Extracted material Start Marker

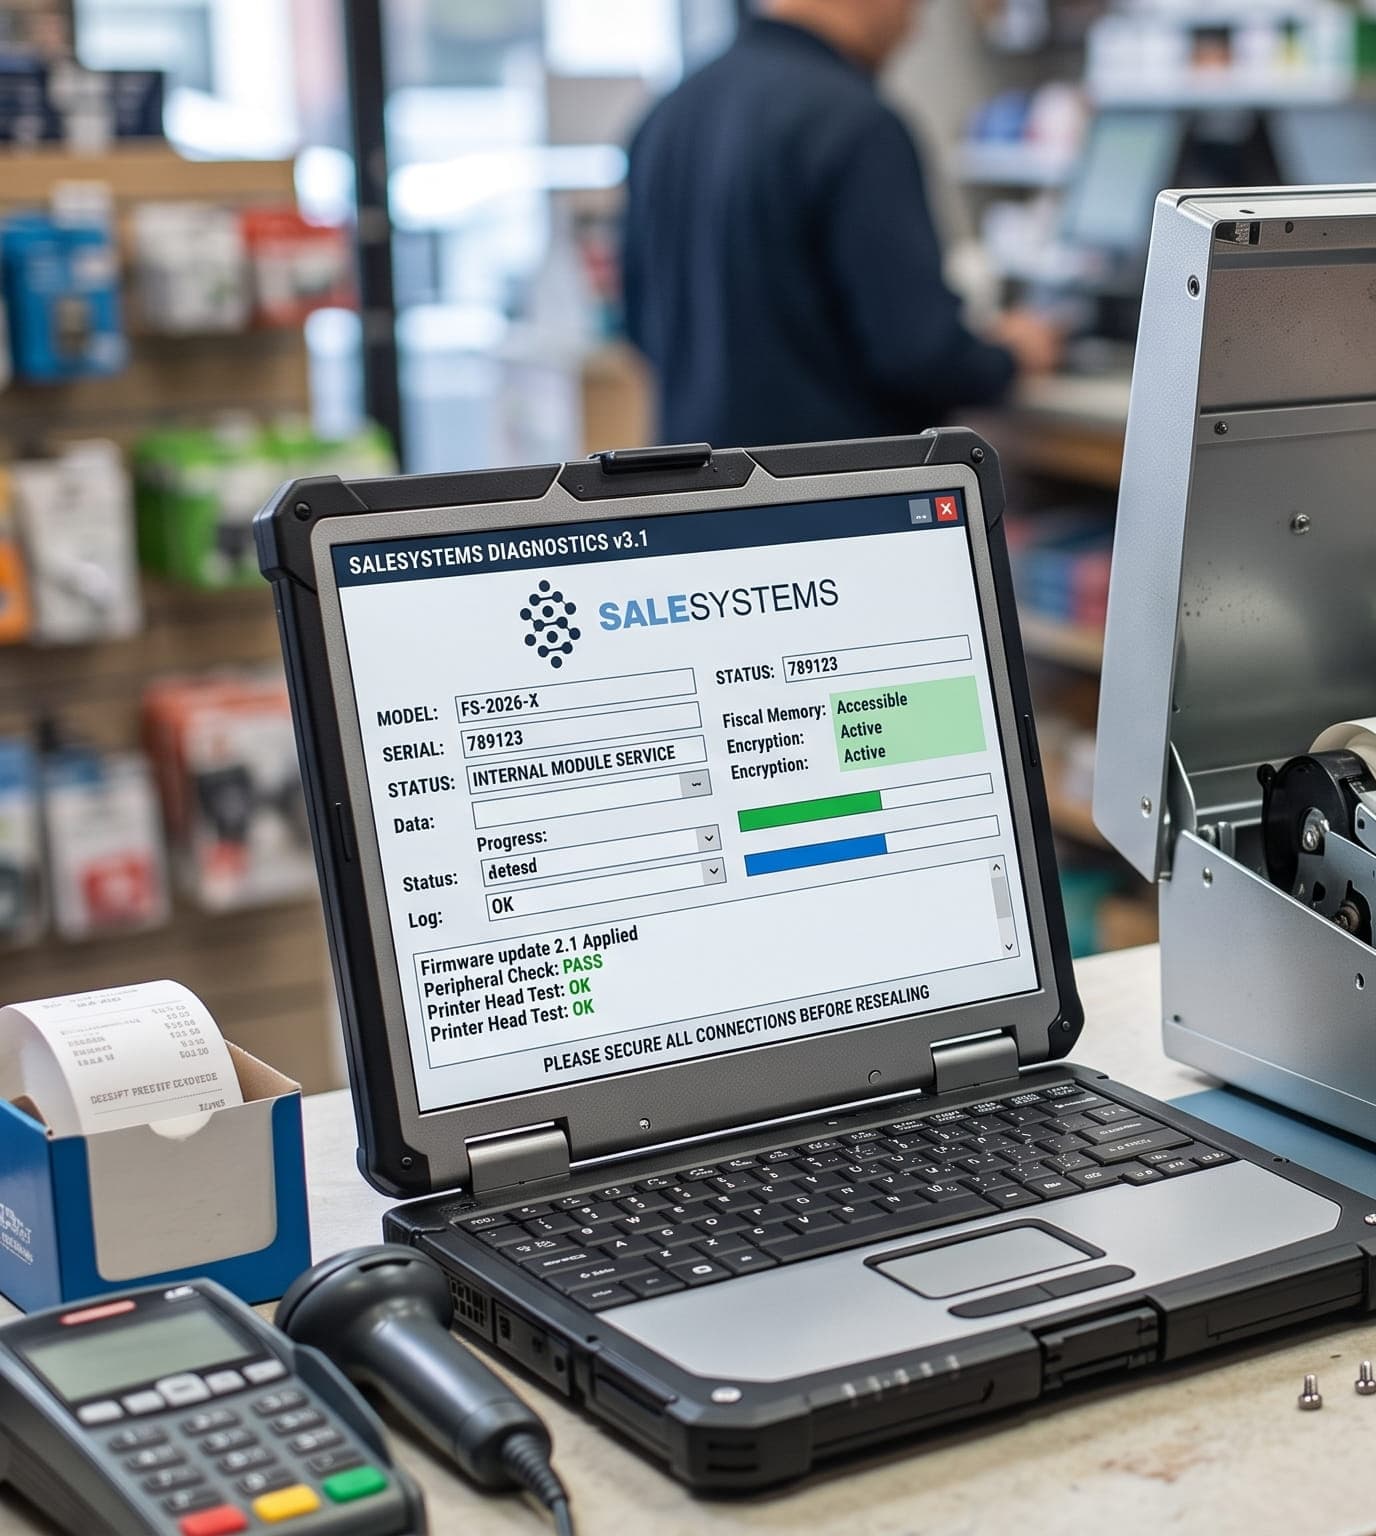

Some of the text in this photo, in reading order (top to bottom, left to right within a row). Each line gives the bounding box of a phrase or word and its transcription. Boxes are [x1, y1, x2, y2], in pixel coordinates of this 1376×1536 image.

[349, 529, 648, 575] SALESYSTEMS DIAGNOSTICS v3.1
[599, 578, 839, 631] SALESYSTEMS
[716, 664, 775, 685] STATUS:
[788, 656, 838, 676] 789123
[461, 692, 540, 716] FS-2026-X
[837, 691, 908, 715] Accessible
[377, 706, 439, 727] MODEL:
[722, 703, 827, 729] Fiscal Memory:
[466, 730, 524, 752] 789123
[840, 720, 883, 739] Active
[383, 741, 445, 762] SERIAL:
[727, 731, 805, 755] Encryption:
[844, 745, 886, 764] Active
[473, 745, 676, 787] INTERNAL MODULE SERVICE
[731, 757, 809, 780] Encryption:
[388, 775, 456, 798] STATUS:
[394, 815, 435, 834] Data:
[477, 830, 548, 853] Progress:
[403, 872, 459, 892] Status:
[492, 896, 515, 914] OK
[409, 910, 443, 929] Log:
[421, 925, 639, 976] Firmware update 2.1 Applied
[424, 954, 604, 998] Peripheral Check: PASS
[427, 977, 592, 1020] Printer Head Test: OK
[430, 999, 595, 1042] Printer Head Test: OK
[543, 984, 931, 1073] PLEASE SECURE ALL CONNECTIONS BEFORE RESEALING
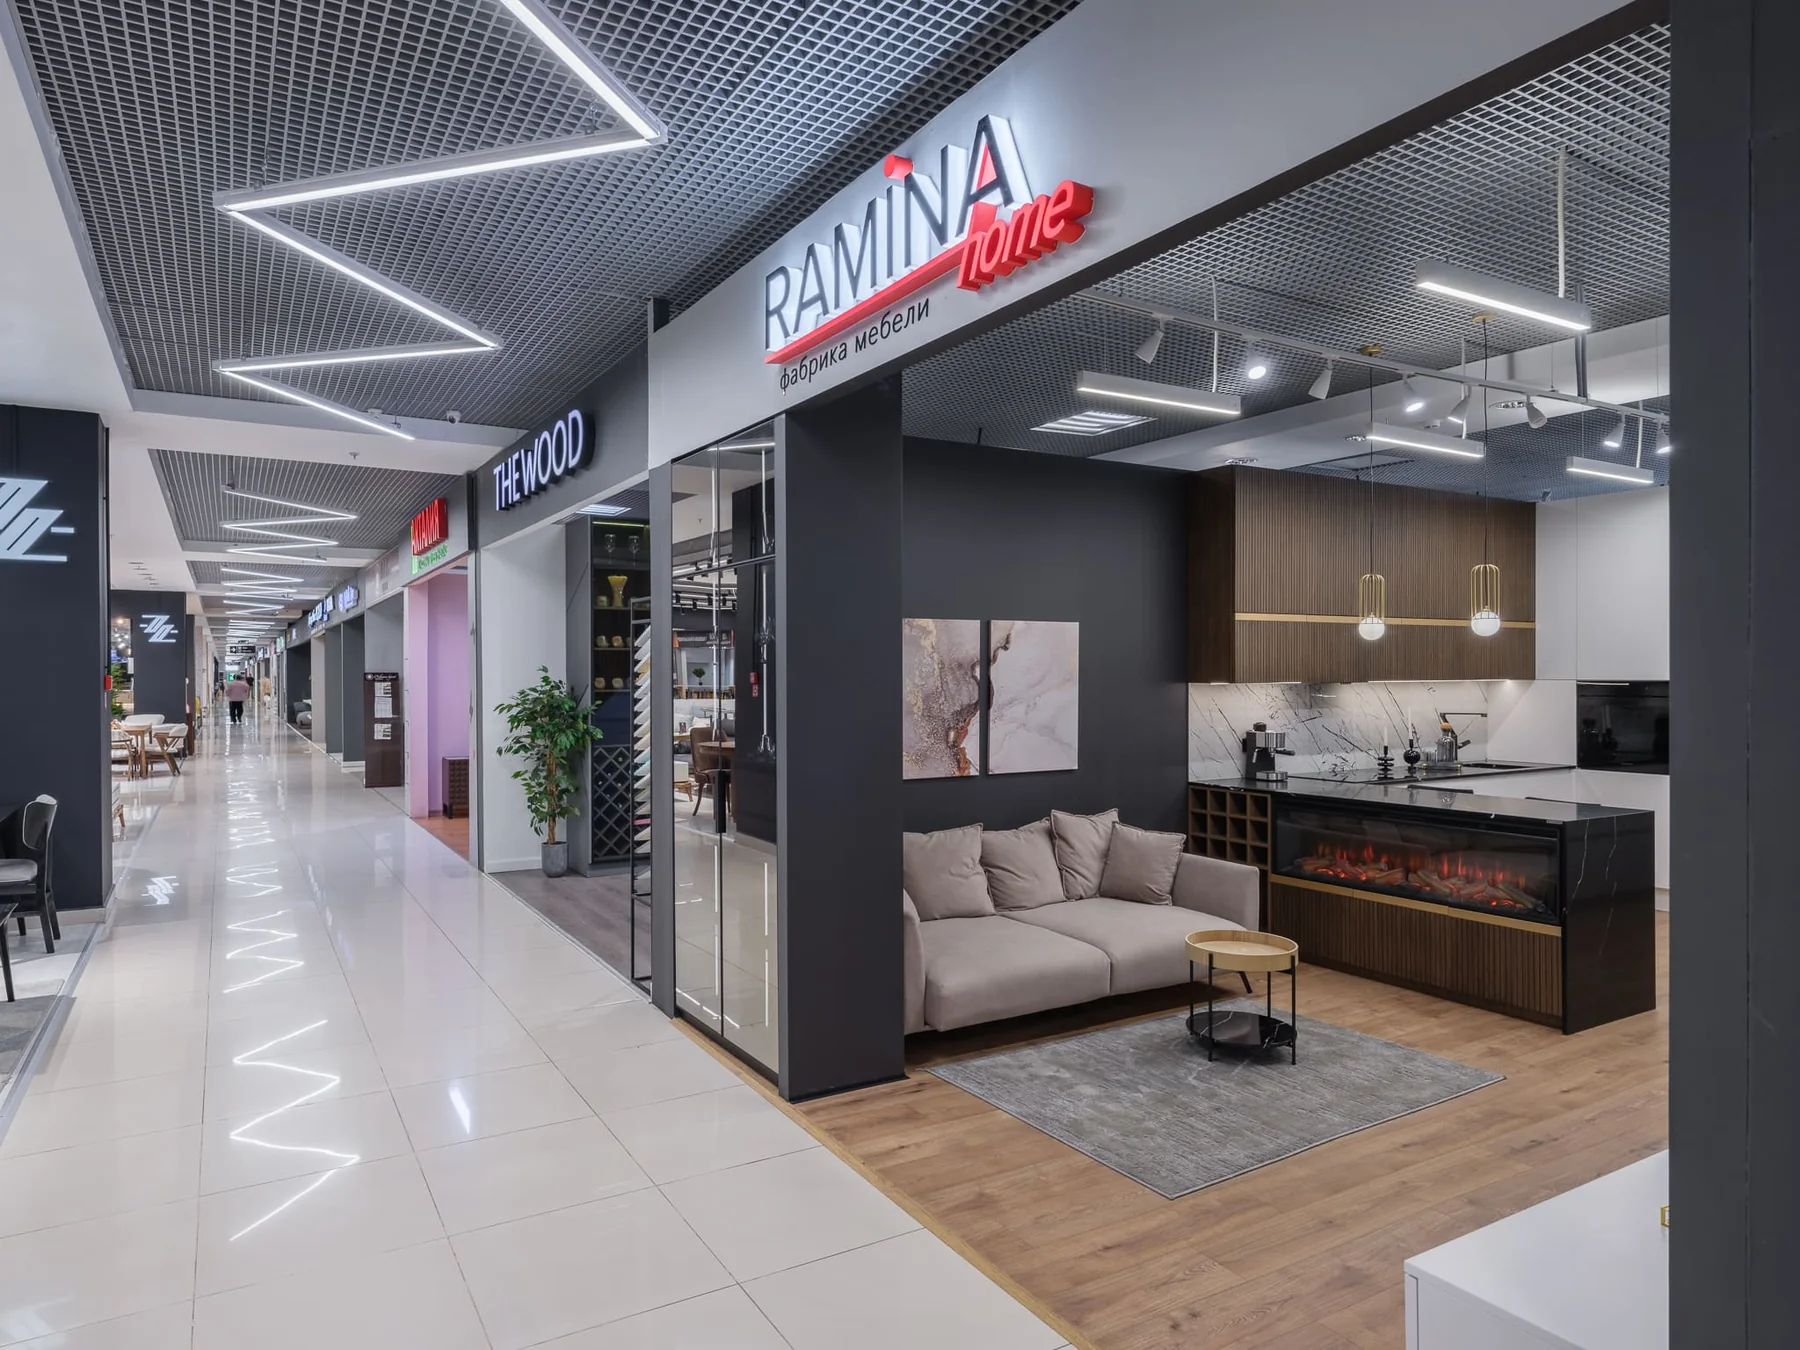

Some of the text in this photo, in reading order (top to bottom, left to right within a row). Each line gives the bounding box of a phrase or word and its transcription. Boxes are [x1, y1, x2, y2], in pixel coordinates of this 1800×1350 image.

[956, 179, 1093, 291] home
[779, 297, 930, 394] фабрика мебели

Extracted material End Marker

#### Required work:
Write down only the closing run of lines: the one containing "this 1800×1350 image." and every line after it to the end of the entries, exactly.

#### Result for this exercise:
Some of the text in this photo, in reading order (top to bottom, left to right within a row). Each line gives the bounding box of a phrase or word and its transcription. Boxes are [x1, y1, x2, y2], in pixel coordinates of this 1800×1350 image.

[956, 179, 1093, 291] home
[779, 297, 930, 394] фабрика мебели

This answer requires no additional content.